South Africa's Opposition In United Front Against President

Adjust Comment Print

The march to Union Buildings, the official seat of government, was organised by a coalition of opposition parties following nationwide rallies against Zuma last week. At 74, Zuma's nearly seven years in office as South Africa's President has been littered with accusations of cronyism and cultivating inappropriate relations with wealthy business tycoons.

The rand has tumbled more than 11 percent since March 27, when Zuma ordered Gordhan to return home from overseas talks with investors, days before firing him.

Zuma's office said the president would take part in his 75th birthday celebrations on Wednesday at a public venue in the township of Soweto, near the commercial hub of Johannesburg.

Although SACP leaders shared the same stage with Zuma in memory of Hani, the SACP said it has not changed its plea for Zuma to resign.

The protest united groups with sharply different ideologies.

The latest jolt came when Zuma on March 30 dismissed Finance Minister Pravin Gordhan, who was seen as a prudent steward of fiscal affairs.

'Only time will tell' on improving US-China trade
China and the U.S. agreed that Pyongyang's programmes are a serious problem, but have not seen eye-to-eye on how to respond. White House Press Secretary Sean Spicer mentioned that the two leaders had also discussed human rights issues.

Opposition parties have vowed to keep the pressure on.

Tens of thousands, many of them supporters of the main opposition Democratic Alliance (DA) attended protests on Friday in major cities in the biggest show of discontent with Mr Zuma. The parties said the march was open to anyone to join.

Some top ruling party leaders openly criticized the decision.

Holomisa added that the recent two credit downgrades to junk status make South Africa an unsafe investment destination and the effects will be felt by all.

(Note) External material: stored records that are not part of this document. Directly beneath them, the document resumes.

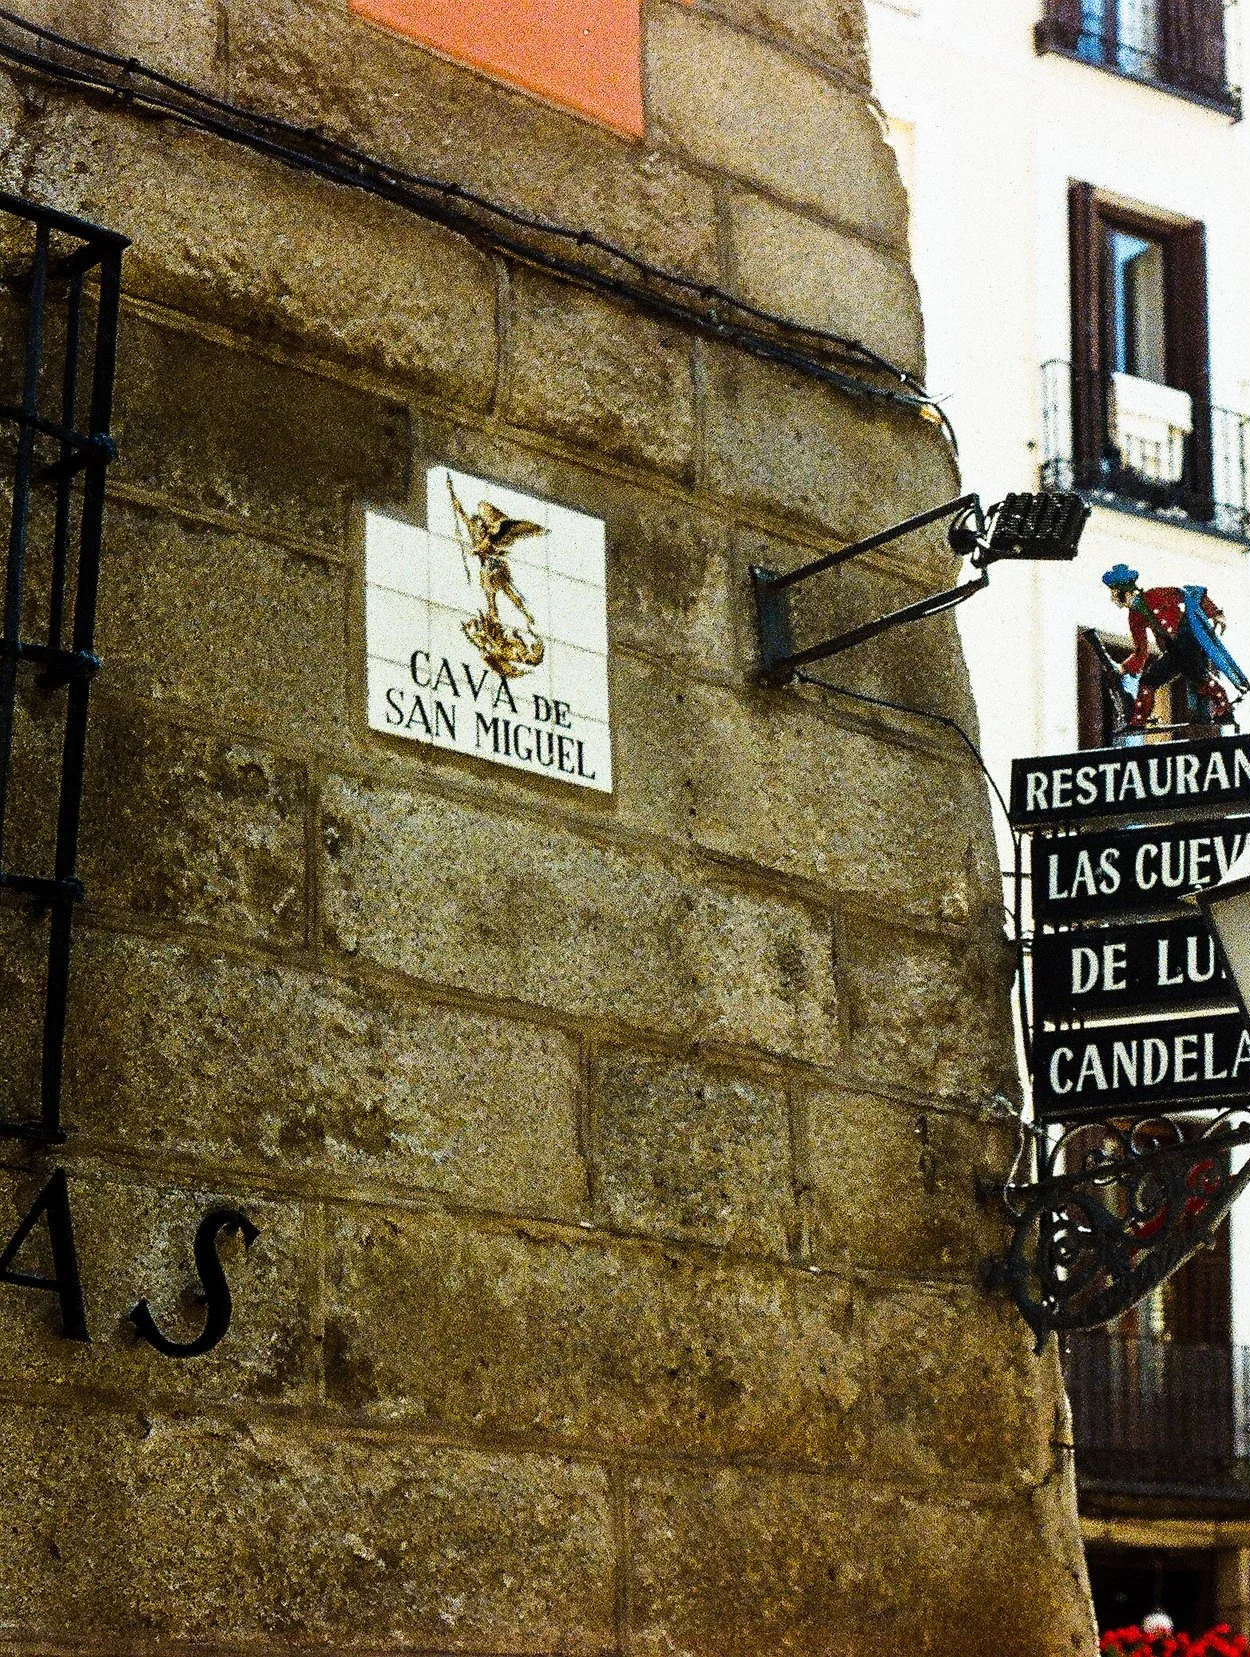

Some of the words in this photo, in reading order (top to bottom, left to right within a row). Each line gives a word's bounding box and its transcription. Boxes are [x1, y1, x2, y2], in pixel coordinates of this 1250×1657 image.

[410, 650, 519, 713] CAVA
[533, 694, 572, 729] DE
[385, 687, 457, 740] SAN
[475, 711, 596, 780] MIGUEL
[1048, 848, 1121, 901] LAS
[1070, 942, 1128, 995] DE
[1157, 934, 1227, 986] LU
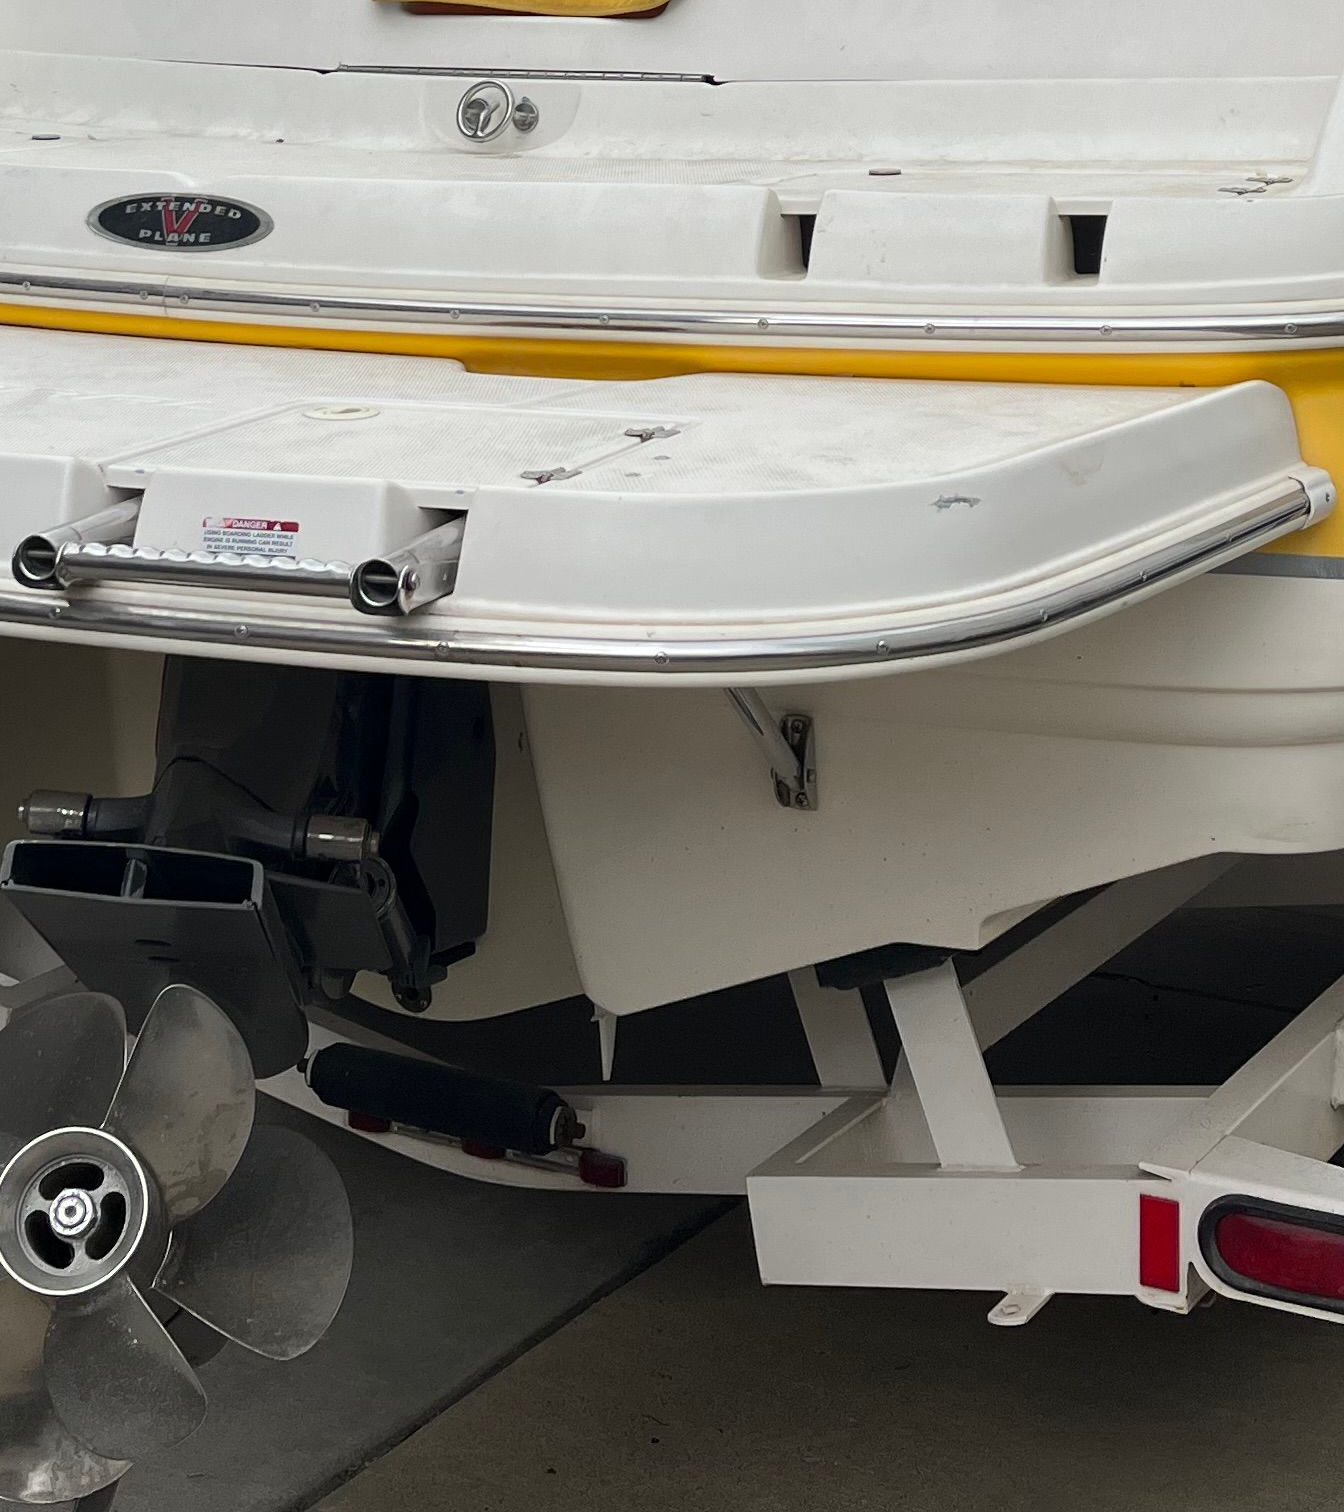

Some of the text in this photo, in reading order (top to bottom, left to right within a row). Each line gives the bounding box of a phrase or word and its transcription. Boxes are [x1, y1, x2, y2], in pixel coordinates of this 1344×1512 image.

For now, however, it looks as if Zuma may succeed in entrenching his sleaze-tinged power structure in what was once the party of Nelson Mandela. He paid back some money after the Constitutional Court ruled against him previous year. Opponents described the remark was an affront to legitimate protest. Again, this time around, he has not only waved away calls by veterans of the liberation struggle, the Congress of South African Trade Unions (COSATU) unions and South Africa's Communist party (a historical ally of the ANC) for him to demit office, but seemed likely to survive a confidence vote in parliament later this month. The ANC has said it wouldn't allow its members to vote in favor of the motion. The legal challenge has raised the possibility of a delay in the vote, according to South African media.